Machine Learning for Optical Motion Capture-Driven Musculoskeletal Modelling from Inertial Motion Capture Data

• Published in: Bioengineering (Basel) Vol. 10; no. 5; p. 510
• Main Authors: Dasgupta, Abhishek, Sharma, Rahul, Mishra, Challenger, Nagaraja, Vikranth Harthikote
• Format: Journal Article
• Language: English
• Published: Switzerland MDPI AG 24.04.2023; MDPI
• Subjects: Bioengineering; Biomechanics; Decision making; feed-forward neural network; gated recurrent unit; In vivo methods and tests; inertial motion capture; Kinematics; Learning algorithms; linear model; Long short-term memory; Machine learning; Modelling; Motion capture; Neural networks; Recurrent neural networks; Sensors; Software; United Kingdom; Netherlands; recurrent neural network; feed-forward neural network; optical motion capture; gated recurrent unit; linear model; inertial motion capture; machine learning; musculoskeletal modelling; upper extremity; long short-term memory
• ISSN: 2306-5354; 2306-5354
• DOI: 10.3390/bioengineering10050510

Marker-based Optical Motion Capture (OMC) systems and associated musculoskeletal (MSK) modelling predictions offer non-invasively obtainable insights into muscle and joint loading at an in vivo level, aiding clinical decision-making.

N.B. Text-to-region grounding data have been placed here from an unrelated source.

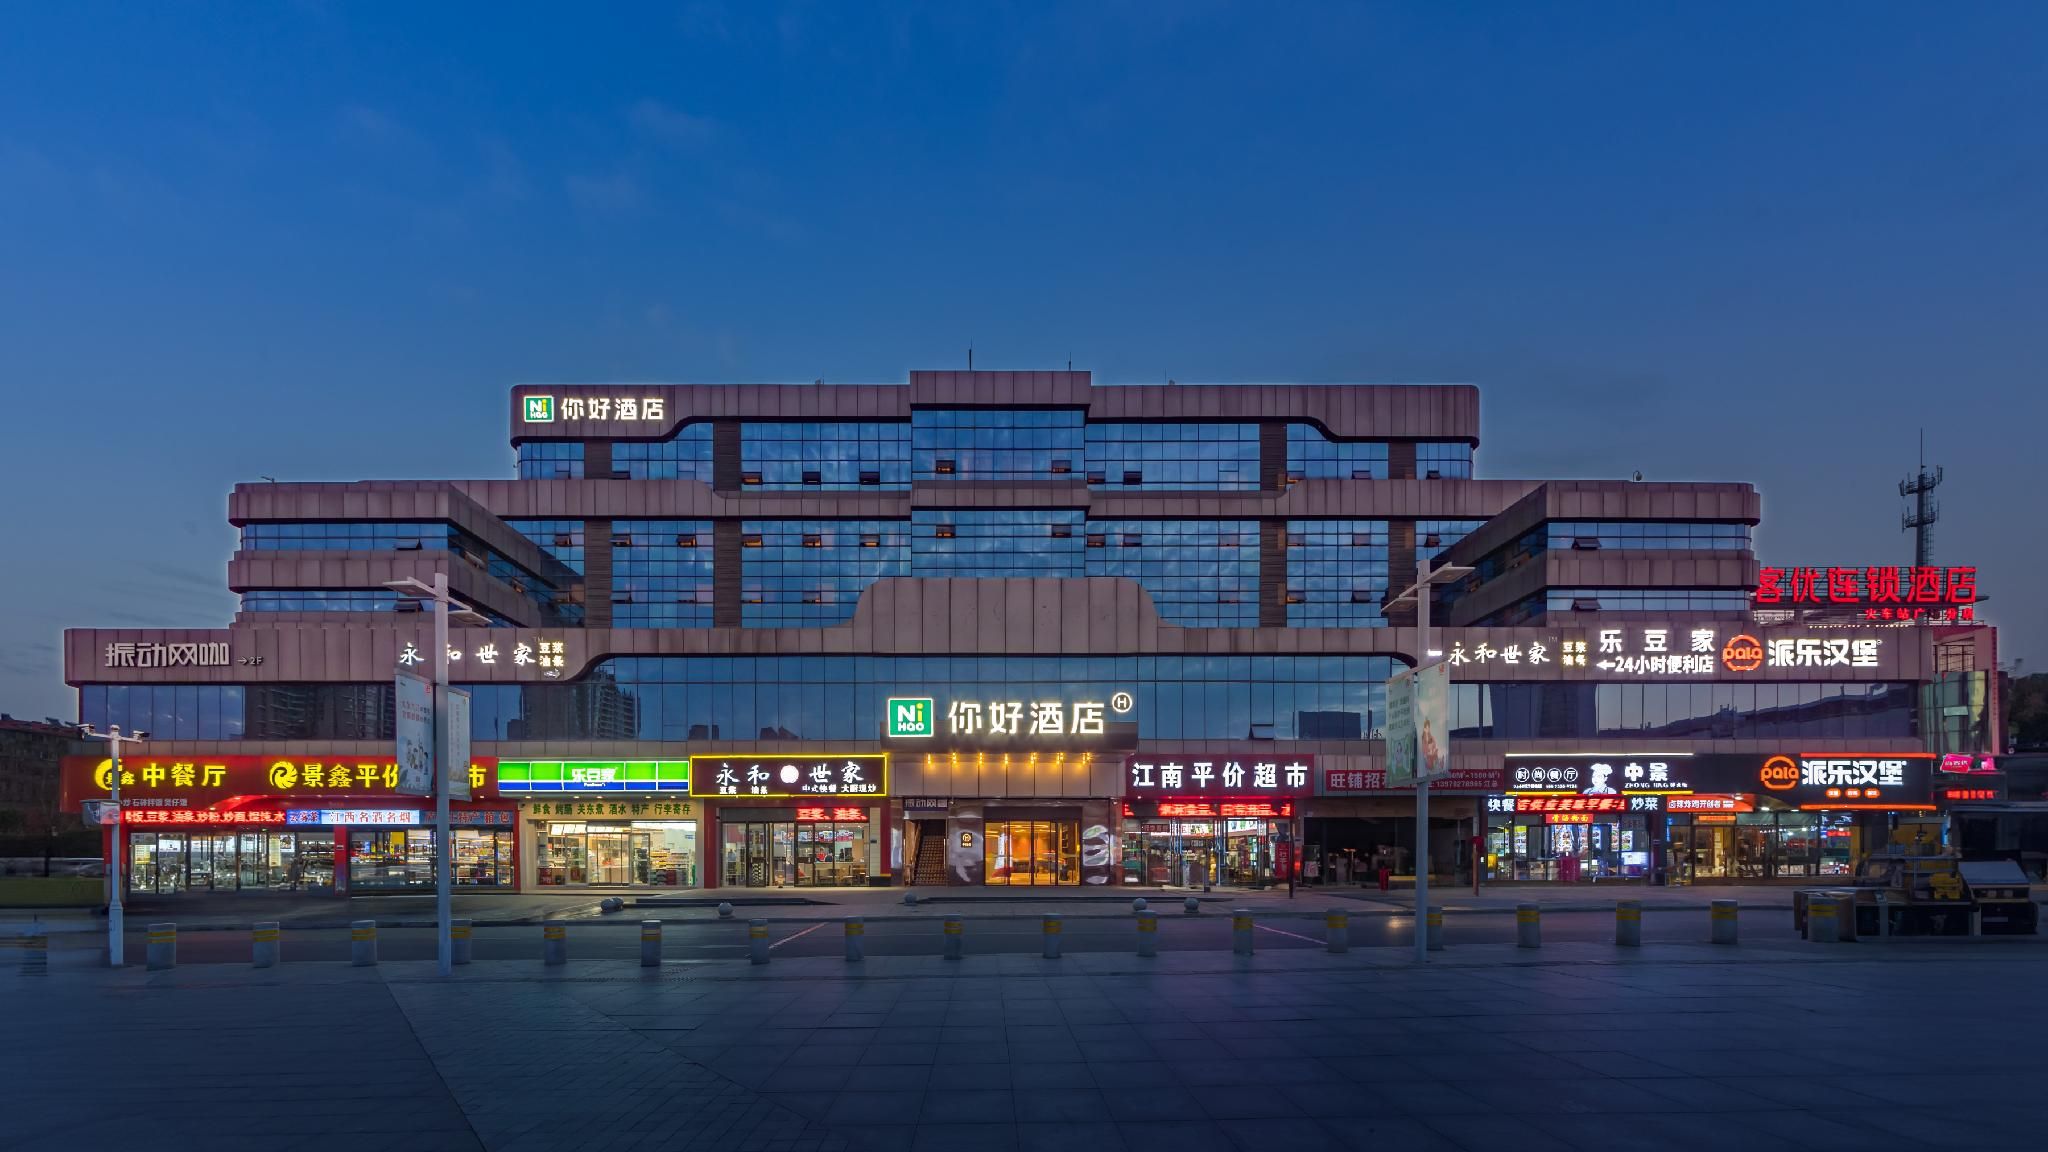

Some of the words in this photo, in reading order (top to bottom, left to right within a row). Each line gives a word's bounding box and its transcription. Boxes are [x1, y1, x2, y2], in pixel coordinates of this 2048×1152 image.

[529, 398, 548, 412] Ni
[560, 397, 665, 421] 你好酒店
[1756, 566, 1977, 603] 客优连锁酒店
[540, 642, 564, 654] 豆浆
[1600, 629, 1716, 653] 乐豆家
[104, 641, 231, 667] 振动网咖
[249, 656, 264, 666] 2F
[1448, 641, 1550, 666] 永和世家
[1767, 638, 1879, 667] 派乐汉堡
[1614, 655, 1714, 675] 24小时便利店
[897, 702, 924, 722] Ni
[948, 701, 1106, 734] 你好酒店
[142, 763, 227, 788] 中餐厅
[571, 766, 619, 783] 乐豆家
[715, 763, 771, 786] 永和
[808, 761, 865, 784] 世家
[1131, 761, 1308, 789] 江南平价超市
[1330, 772, 1386, 789] 旺铺招
[1515, 767, 1579, 783] 时尚餐厅
[1624, 762, 1669, 782] 中景
[1801, 760, 1904, 786] 派乐汉堡
[532, 803, 551, 815] 鲜食
[577, 803, 605, 815] 关东煮
[608, 803, 627, 815] 酒水
[654, 803, 692, 815] 行李寄存
[1487, 798, 1516, 812] 快餐
[1631, 797, 1659, 811] 炒菜
[329, 811, 411, 823] 江西名酒名烟
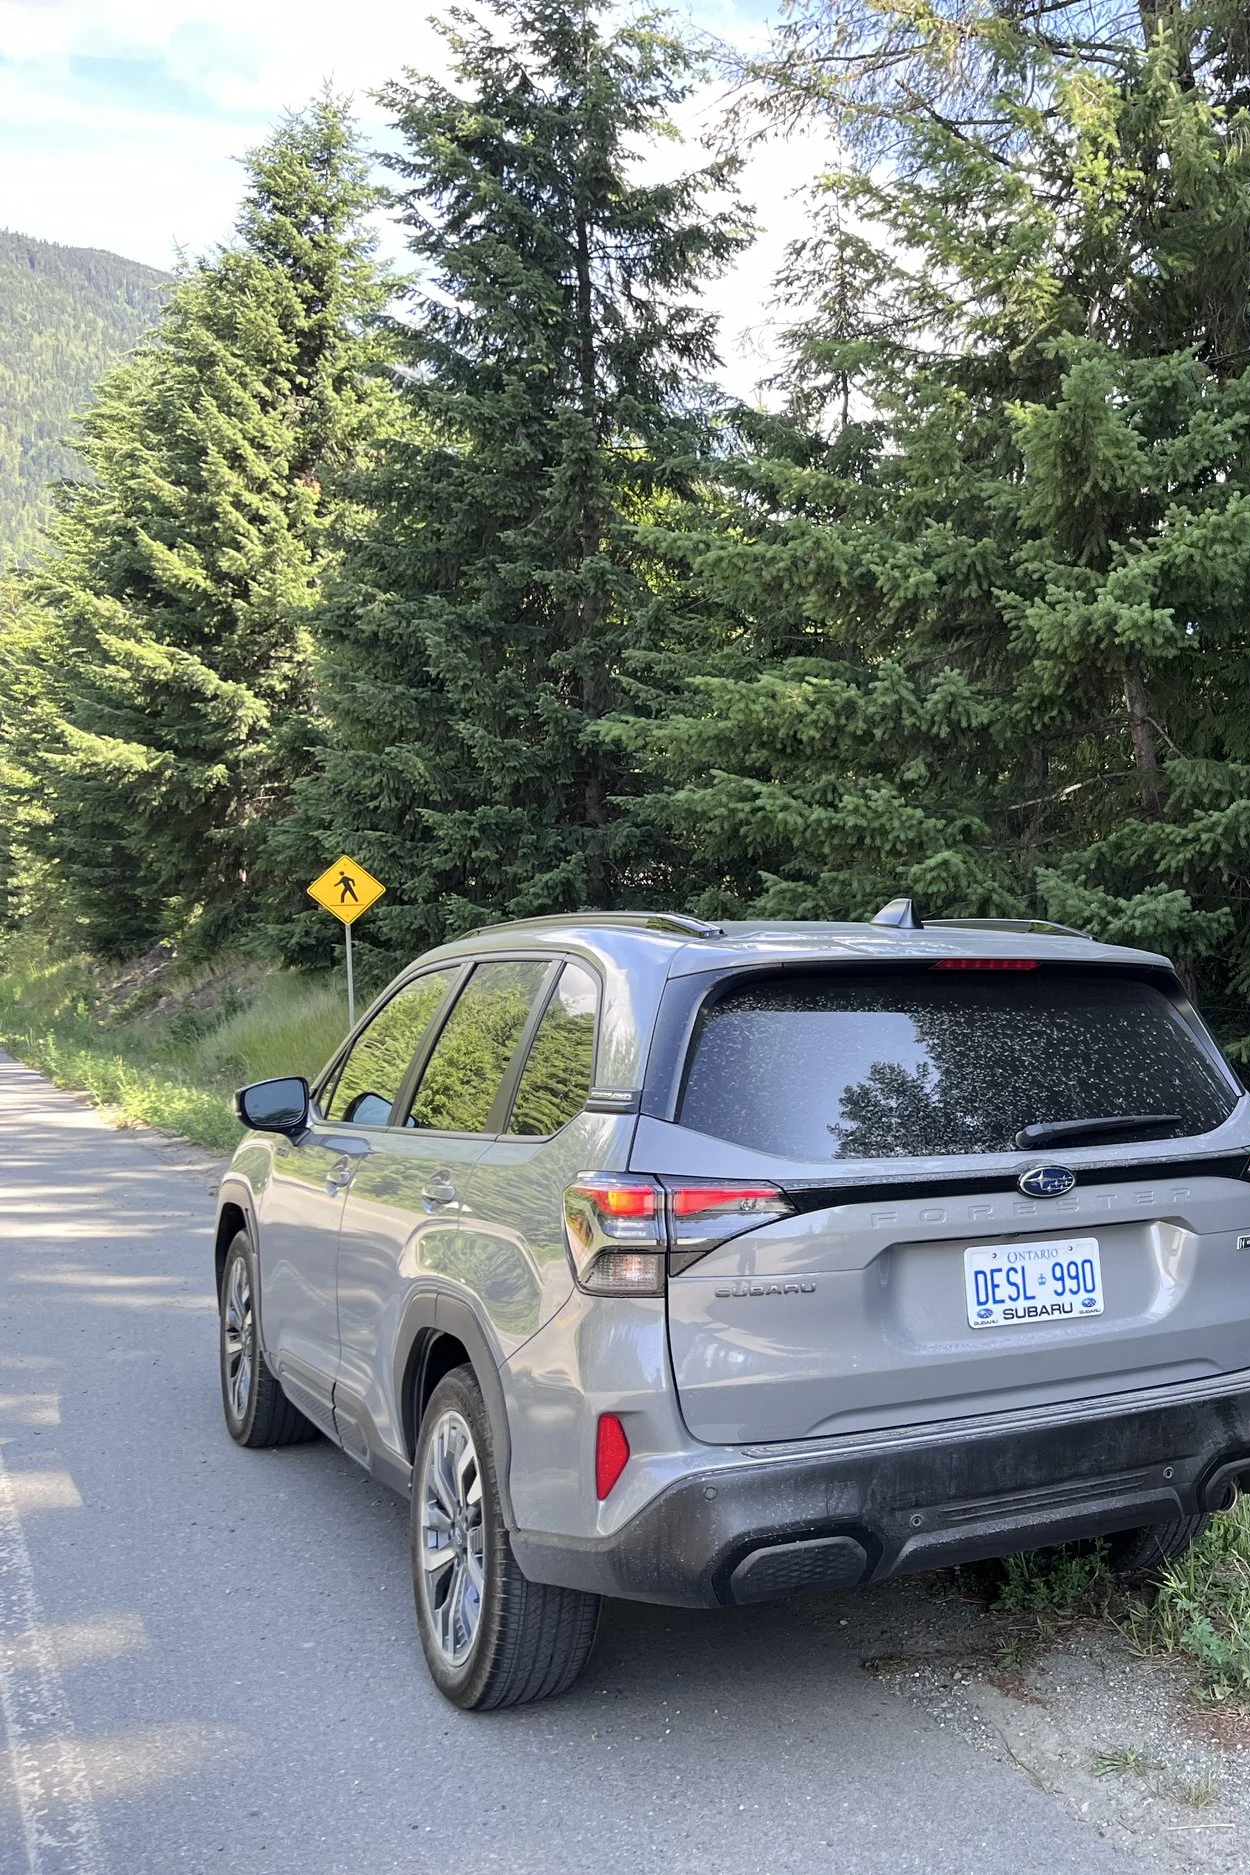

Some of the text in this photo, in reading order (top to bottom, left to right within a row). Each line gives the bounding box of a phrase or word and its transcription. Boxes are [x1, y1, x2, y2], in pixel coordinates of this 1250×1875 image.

[871, 1187, 1191, 1228] FORESTER
[714, 1283, 816, 1298] SUBARU
[974, 1258, 1096, 1306] DESL 990
[1002, 1302, 1073, 1321] SUBARU
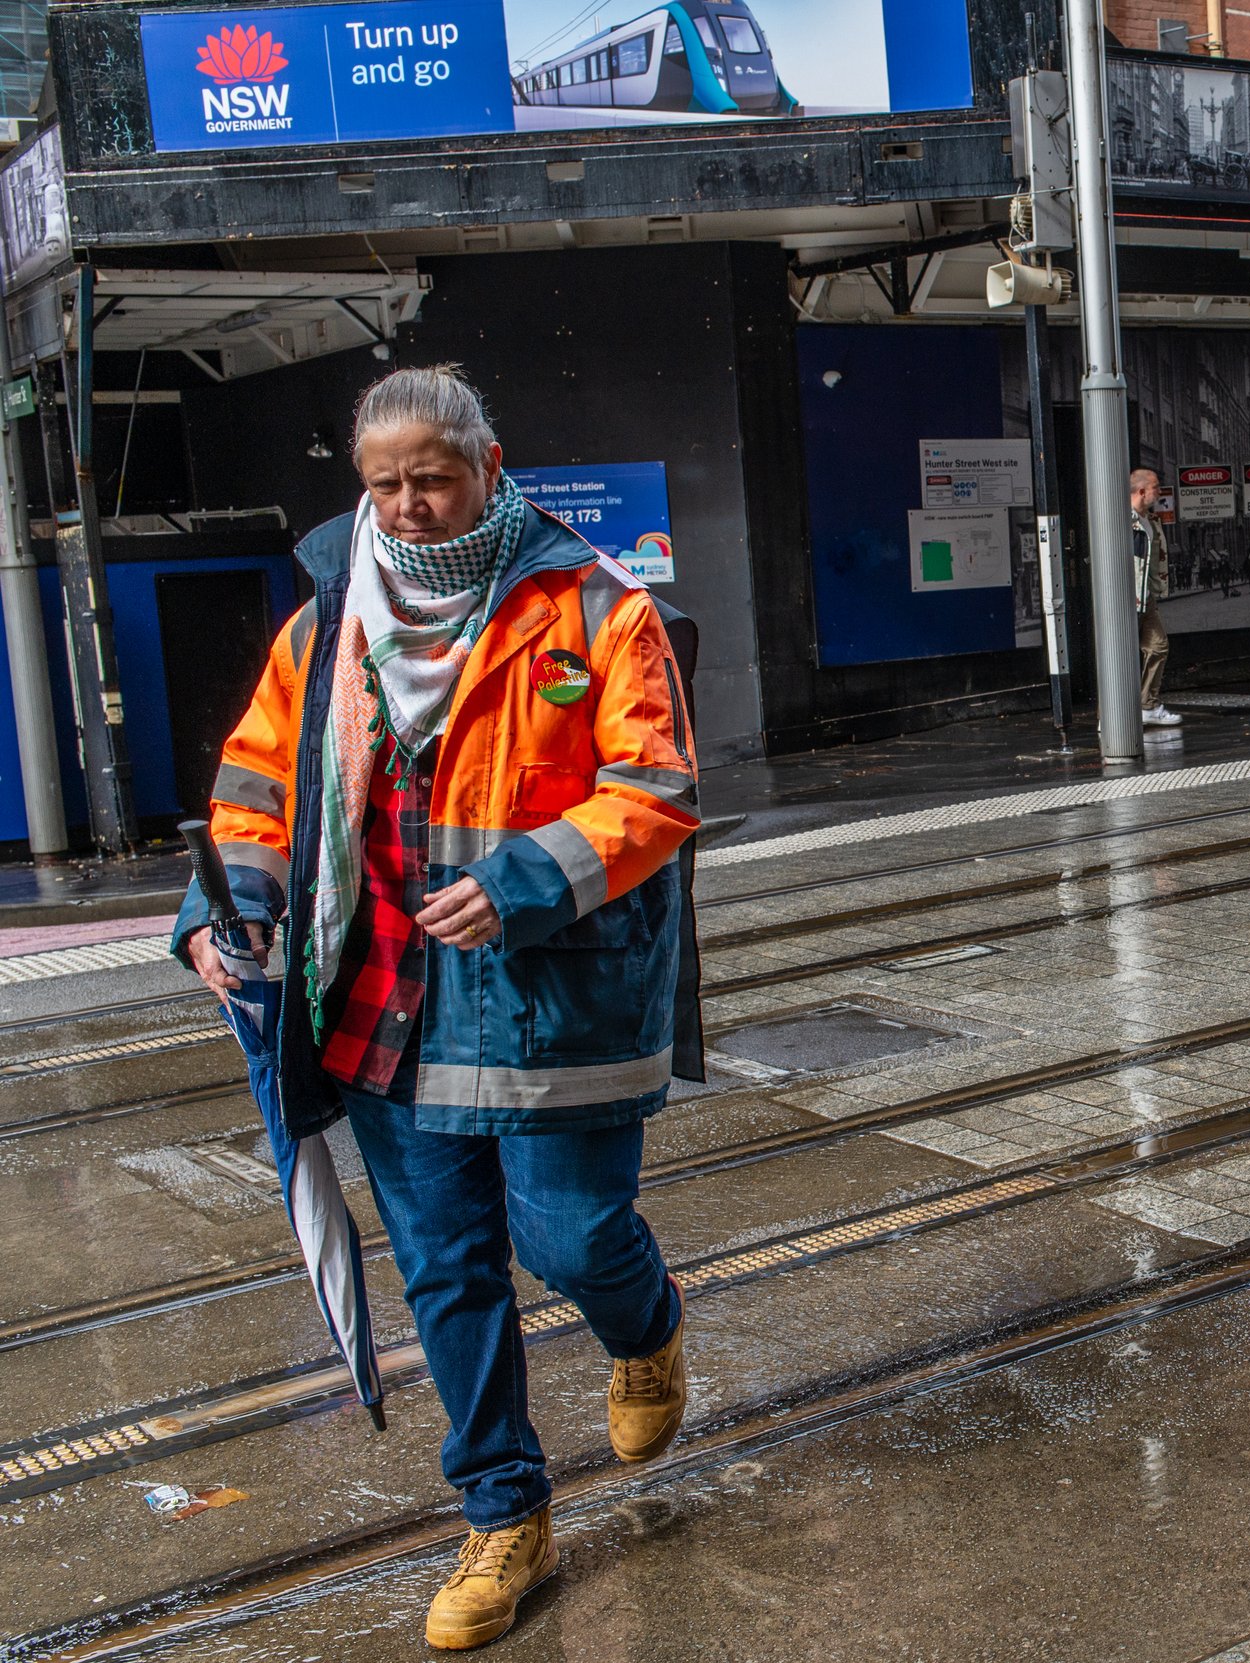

However, an OMC system is lab-based, expensive, and requires a line of sight. Inertial Motion Capture (IMC) techniques are widely-used alternatives, which are portable, user-friendly, and relatively low-cost, although with lesser accuracy. Irrespective of the choice of motion capture technique, one typically uses an MSK model to obtain the kinematic and kinetic outputs, which is a computationally expensive tool increasingly well approximated by machine learning (ML) methods. Here, an ML approach is presented that maps experimentally recorded IMC input data to the human upper-extremity MSK model outputs computed from (‘gold standard’) OMC input data. Essentially, this proof-of-concept study aims to predict higher-quality MSK outputs from the much easier-to-obtain IMC data. We use OMC and IMC data simultaneously collected for the same subjects to train different ML architectures that predict OMC-driven MSK outputs from IMC measurements. In particular, we employed various neural network (NN) architectures, such as Feed-Forward Neural Networks (FFNNs) and Recurrent Neural Networks (RNNs) (vanilla, Long Short-Term Memory, and Gated Recurrent Unit) and a comprehensive search for the best-fit model in the hyperparameters space in both subject-exposed (SE) as well as subject-naive (SN) settings. We observed a comparable performance for both FFNN and RNN models, which have a high degree of agreement (ravg,SE,FFNN=0.90±0.19, ravg,SE,RNN=0.89±0.17, ravg,SN,FFNN=0.84±0.23, and ravg,SN,RNN=0.78±0.23) with the desired OMC-driven MSK estimates for held-out test data. The findings demonstrate that mapping IMC inputs to OMC-driven MSK outputs using ML models could be instrumental in transitioning MSK modelling from ‘lab to field’.